No interiorzão desse mundo de meu Deus vivia Sebastião, um lavrador que era conhecido por Tião Corage porque era covarde como ele só. Para voltar do lugarejo até seu rancho, Tião teria que passar por dentro do cemitério sem muro, ao léu, justamente no meio do caminho, ou optava por gastar um tempo dobrado, indo por outra estrada. Era este o caminho sempre escolhido por Tião Corage, claro.
Certo dia, louco de vontade de chegar em casa, depois de ter gasto quase tudo com o dinheiro que recebeu da venda dos milhos que colheu, ensopado de suor e muito cansado, pensou: ora sô, hoje vou pelo cemitero, tô muído de tanto trabáio!
E foi. De longe ia “imaginano” a travessia, enquanto as pernas já iam dando sinal de tremedeira. Mal se aproximou do cemitério, quando viu que densas, negras e baixas nuvens cobriram a lua e a noite virou um breu só. As pernas de Tião tremiam como vara verde. E nessas horas coruja pia, morcego voa, sombra assusta e a gente vê coisa que não existe.. Tião só tinha um pensamento: chegar ao rancho e ir no “quartinho” para se esvaziar. De repente, sentiu uma presença ao seu lado, o matulão afroxou no braço. Alguém lhe tocou o ombro e disse:
- Tá cum medo, Tião Corage?
Gaguejando e quase se esvaziando ali mesmo, Tião respondeu:
- tô não, môço e prumode que devia di tá? Intonce ocê nun sabe qui hôme anssim cuma eu topa carquer parada?
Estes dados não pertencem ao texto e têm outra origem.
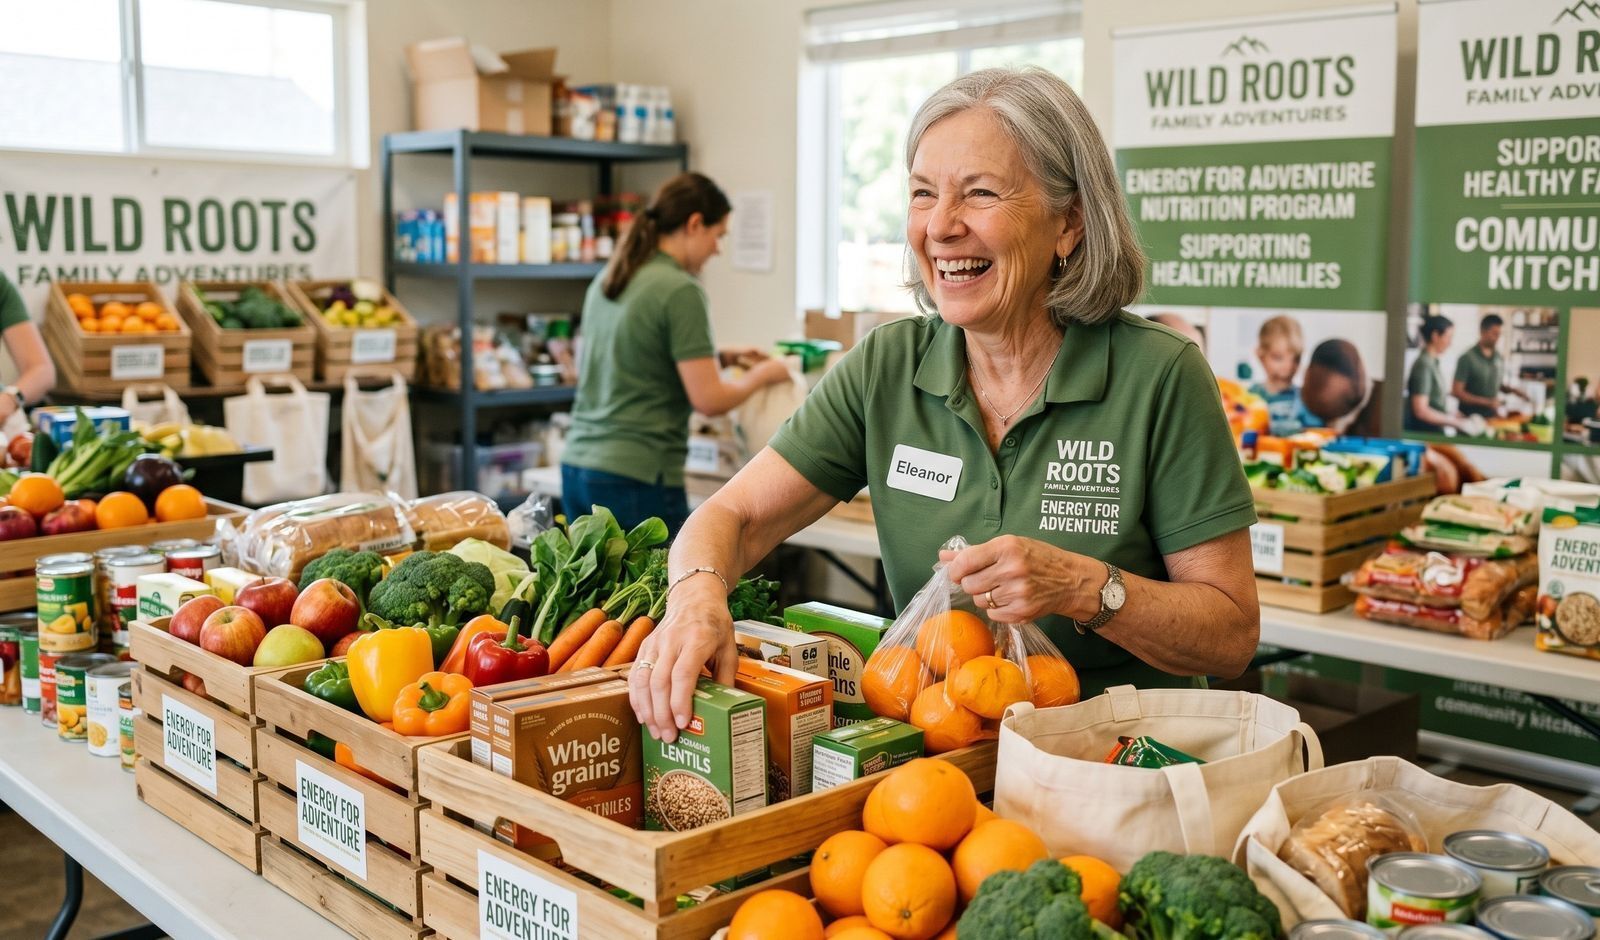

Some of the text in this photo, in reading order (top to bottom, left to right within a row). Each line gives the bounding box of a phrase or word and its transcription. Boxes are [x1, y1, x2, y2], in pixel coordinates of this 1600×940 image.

[1460, 34, 1560, 81] WILD
[1146, 56, 1355, 108] WILD ROOTS
[1467, 87, 1543, 105] FAMILY
[1151, 106, 1347, 129] FAMILY ADVENTURES
[1127, 161, 1376, 194] ENERGY FOR ADVENTURE
[1463, 169, 1576, 198] HEALTHY
[5, 194, 316, 253] WILD ROOTS
[1141, 193, 1355, 221] NUTRITION PROGRAM
[1180, 233, 1311, 260] SUPPORTING
[1455, 216, 1600, 252] COMMU
[18, 264, 313, 285] FAMILY ADVENTURES
[1152, 262, 1341, 289] HEALTHY FAMILIES
[1057, 440, 1114, 461] WILD
[896, 460, 952, 485] Eleanor
[1044, 483, 1120, 494] FAMILY ADVENTURES
[1046, 462, 1121, 484] ROOTS
[1040, 500, 1119, 518] ENERGY FOR
[1039, 518, 1119, 535] ADVENTURE
[166, 709, 195, 738] ENERGY
[197, 726, 212, 749] FOR
[1435, 696, 1526, 730] community
[166, 730, 212, 771] ADVENTURE
[547, 733, 620, 766] Whole
[661, 741, 711, 774] LENTILS
[552, 759, 621, 796] grains
[301, 777, 360, 828] ENERGY FOR
[302, 802, 361, 853] ADVENTURE
[485, 871, 570, 934] ENERGY FOR
[486, 900, 570, 940] ADVENTU
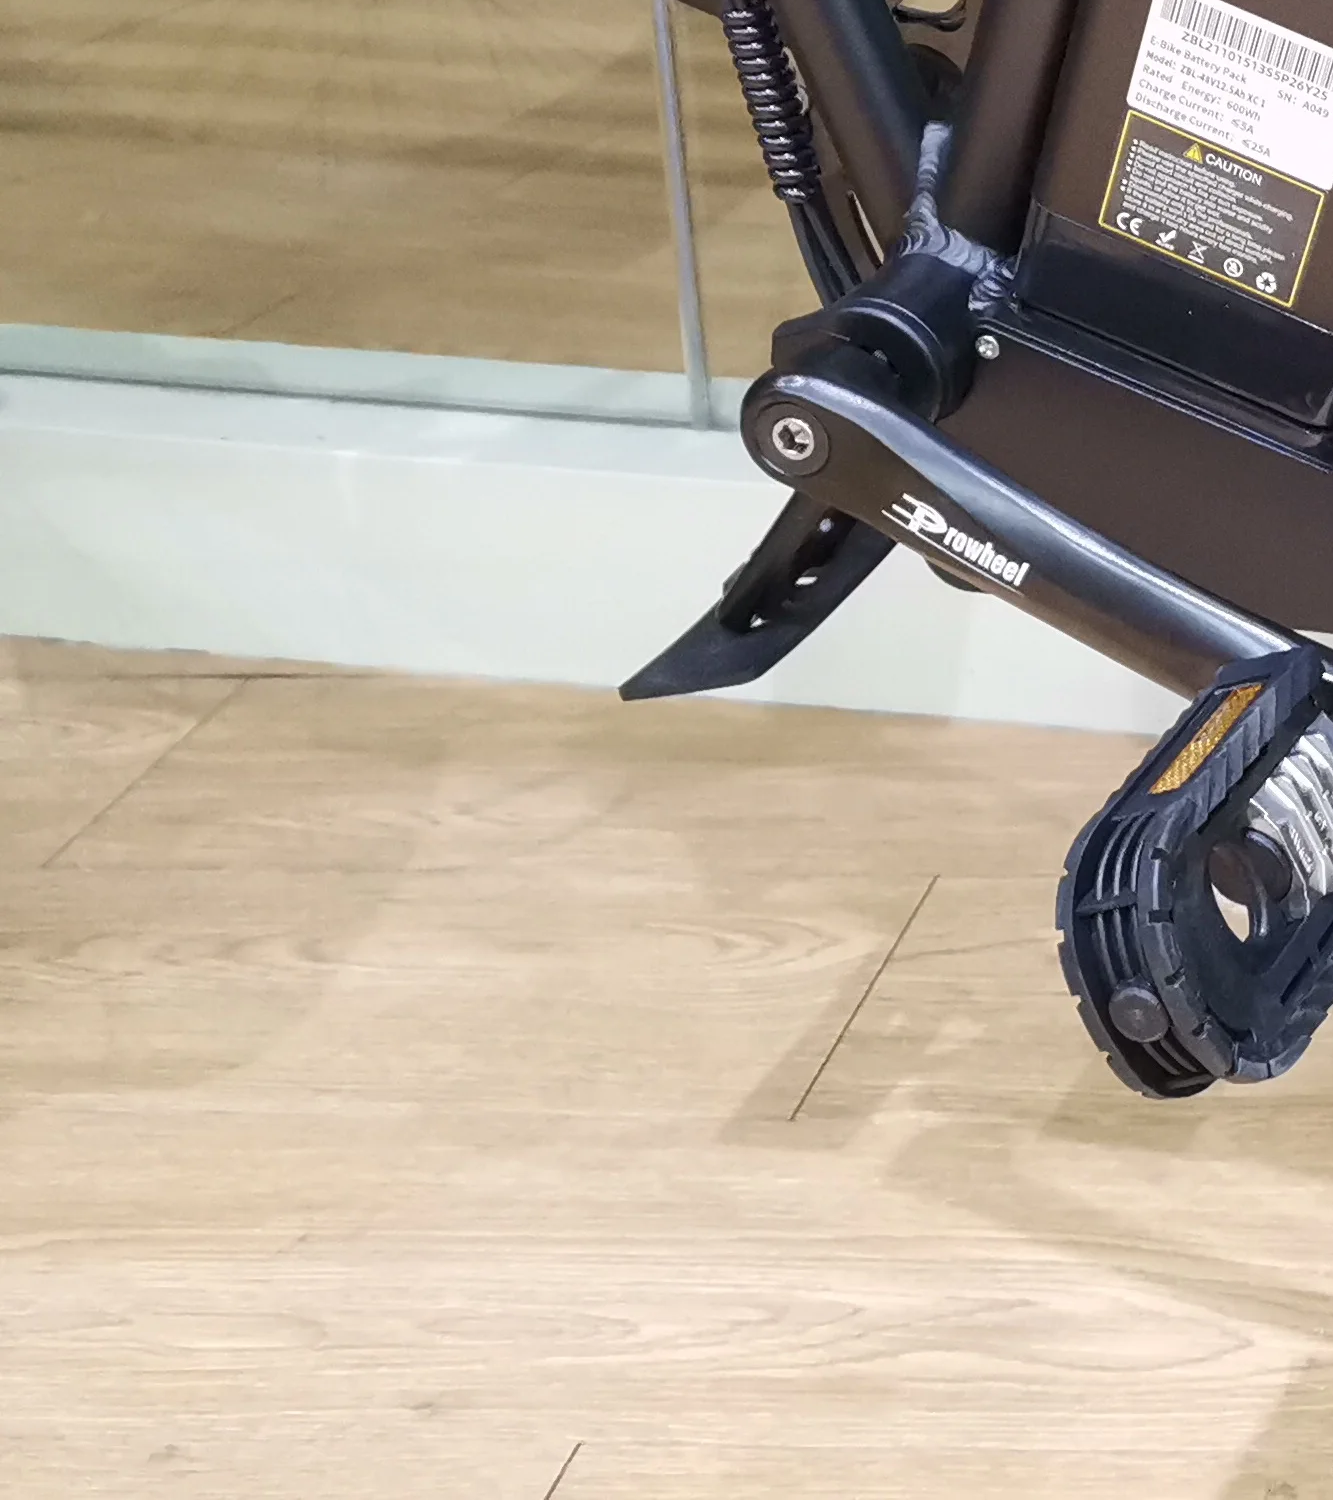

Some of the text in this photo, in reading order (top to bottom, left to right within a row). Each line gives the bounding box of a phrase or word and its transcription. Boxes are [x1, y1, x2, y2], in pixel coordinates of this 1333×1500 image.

[1145, 49, 1177, 70] Model:
[1149, 34, 1182, 56] E-Bike
[1182, 49, 1221, 75] Battery
[1222, 66, 1248, 84] Pack
[1301, 99, 1330, 119] A049
[1134, 91, 1188, 122] Discharge
[1137, 77, 1177, 103] Charge
[1177, 94, 1225, 122] Current:
[1141, 63, 1262, 122] Rated Energy: 600Wh
[1204, 151, 1263, 186] CAUTION
[1115, 210, 1144, 237] CE
[881, 492, 1030, 590] Prowheel
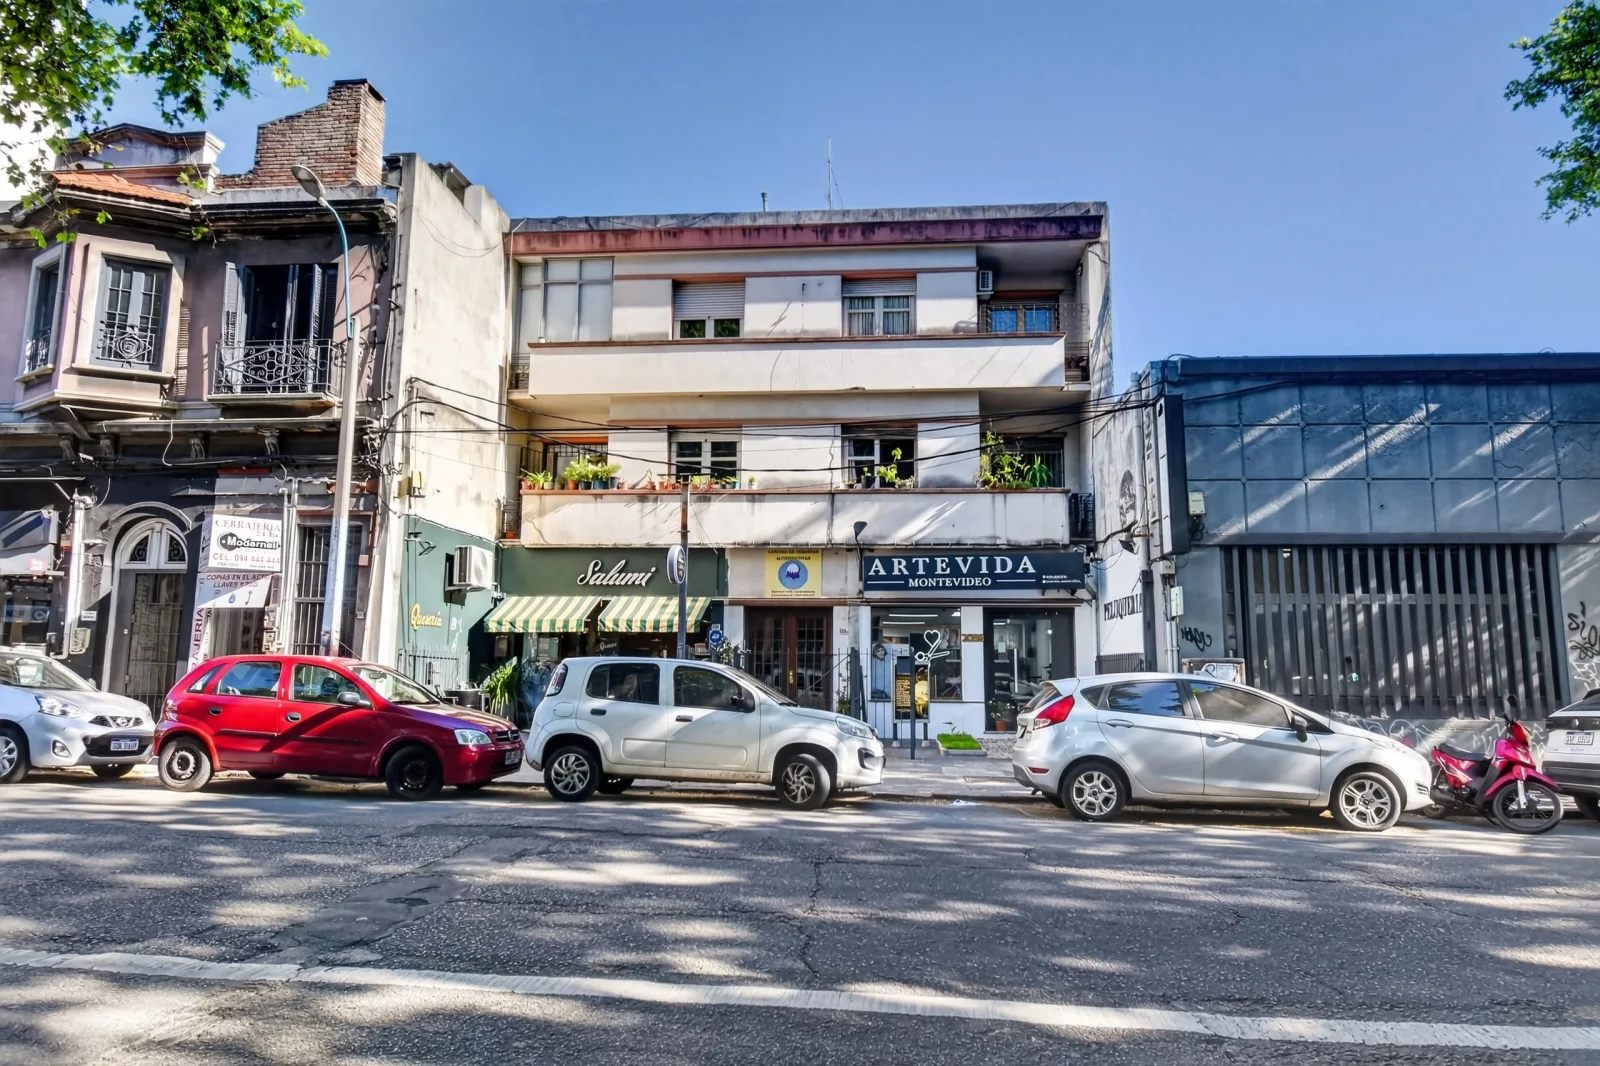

- Mió anssim, -disse o companheiro- pruquê quando eu tava vivo murria de medo de passá aqui ...
Sebo nas canela, pensou Tião e correu tanto que, ao chegar ao rancho, o cumpade Zé das Trouxas , que estava sentado em um tronco, no terreiro da casa, perguntou:
-Ô cumpade, viu mula sem cabeça?
- Vi não, vim correno pruquê quero botá os barde nas gotêra pra mode juntá água da chuva.
- Qui chuva, cumpade? Faiz tempão nun chove puraqui... Inté trêis bode docê morreu...
- É... mai quano chuvê, os barde taí nos lugá, né mermo?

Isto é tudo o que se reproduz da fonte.